Resources we offer to building a stronger clean energy movement include:
· The Clean Power, Healthy Communities Conference. This annual conference has drawn a diverse cross-section of over 150 climate activists, clean energy businesses, trade unionists, environmental justice advocates, and public officials to discuss the benefits of local renewable power to Bay Area communities and to build a movement to realize those benefits. This conference initiated the grassroots opposition to California’s Prop 16 in 2010, and subsequent conferences have strengthened feed-in tariff and Community Choice efforts in the Bay Area. For details about the 2012 conference click here.
· Community Power: Decentralized Renewable Energy in California. This highly acclaimed publication from the Local Clean Energy Alliance has been a major educational tool for local clean energy advocates. It shows how local, decentralized generation of electricity offers many benefits to California’s communities relative to large central-station solar or wind power plants in remote areas. It also identifies obstacles to local renewable power and outlines policies that can promote its development. To purchase or download a copy of the publication, click here.

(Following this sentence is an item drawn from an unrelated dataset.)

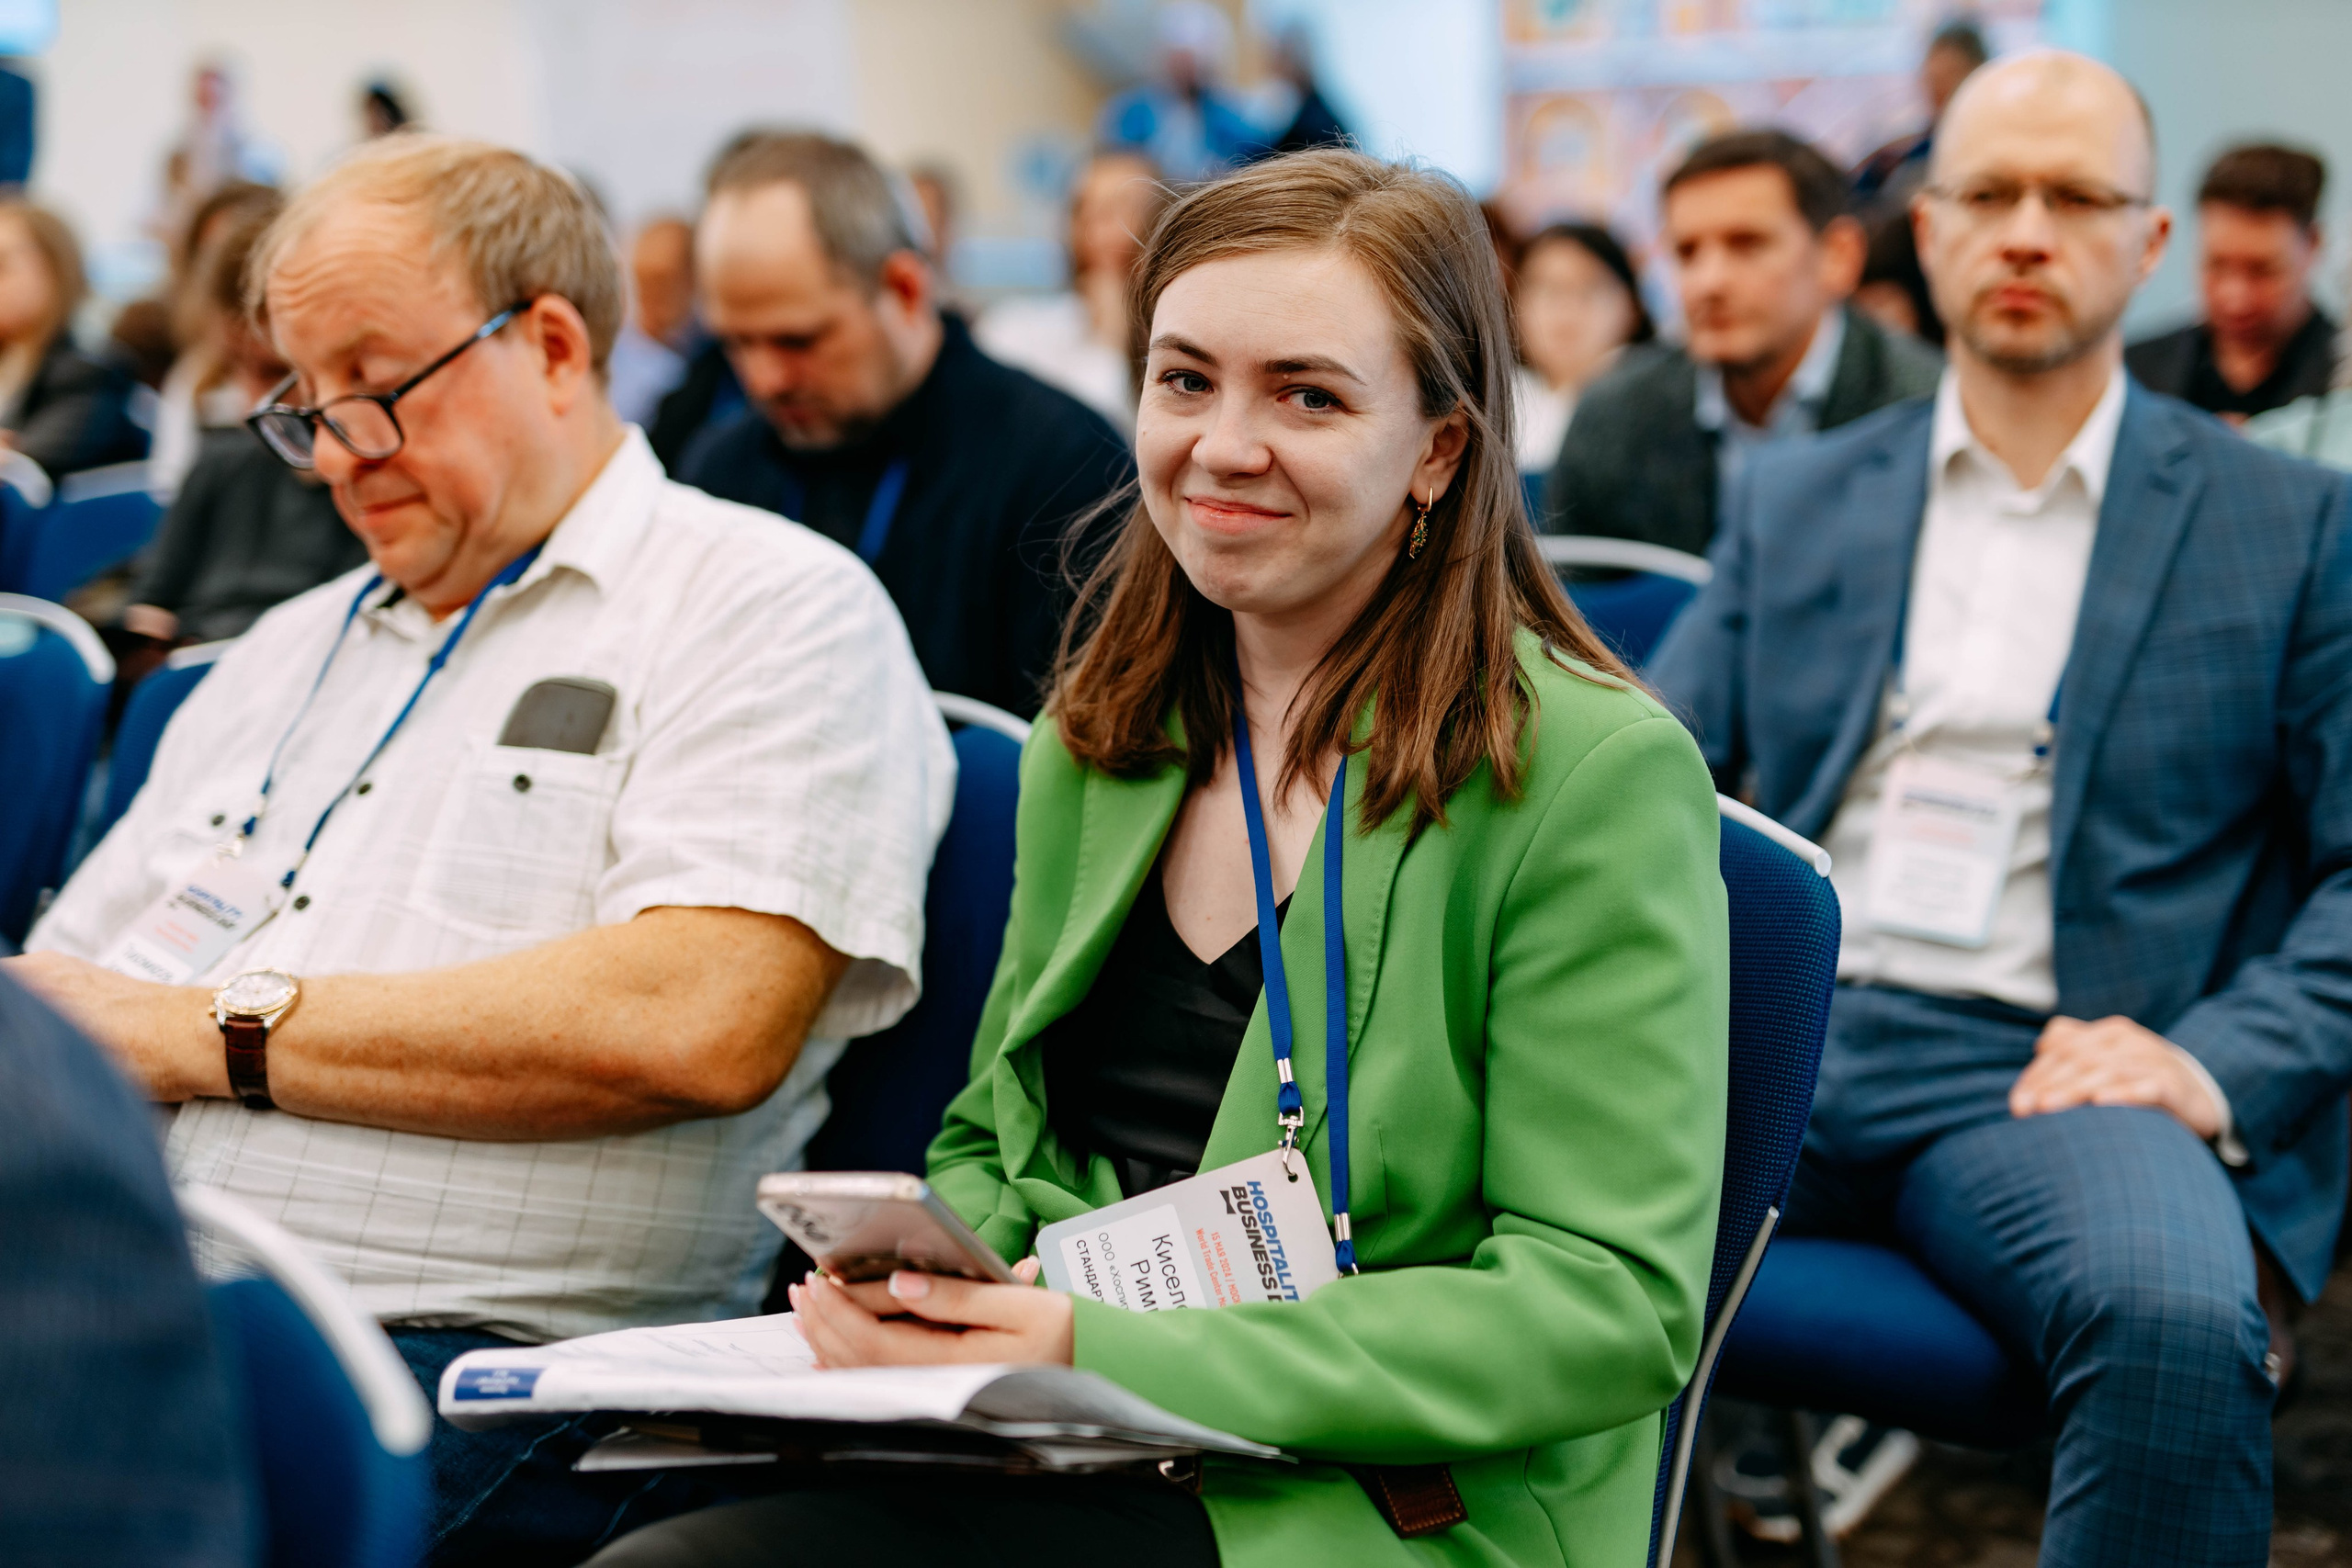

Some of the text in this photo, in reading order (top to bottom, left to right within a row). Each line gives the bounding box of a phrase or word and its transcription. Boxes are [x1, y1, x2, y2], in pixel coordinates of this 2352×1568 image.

· Energy Policy Briefings. The Local Clean Energy Alliance conducts energy policy briefings for organizations that want to educate their membership or staff to the economic and social implications of various renewable energy policy options. These briefings for organizations such as the Asia Pacific Environmental Network, California League of Conservation Voters, and the California Environmental Justice Alliance are customized to the needs of each organization. The Alliance has also contributed papers and organized sessions at energy and sustainability conferences in the Bay Area, the Good Jobs Green Jobs conferences, and the Energy Emergency-Energy Transition international trade union roundtable (October 2012).
· General Membership Meetings and Educational Events. On a regular basis the Local Clean Energy Alliance presents educational programs and discussions about timely clean energy issues. These range from legislation, to local energy initiatives, to presentations of research studies, to new technologies, policies, or strategies. These meetings provide a forum for advocates to interact on a regular basis.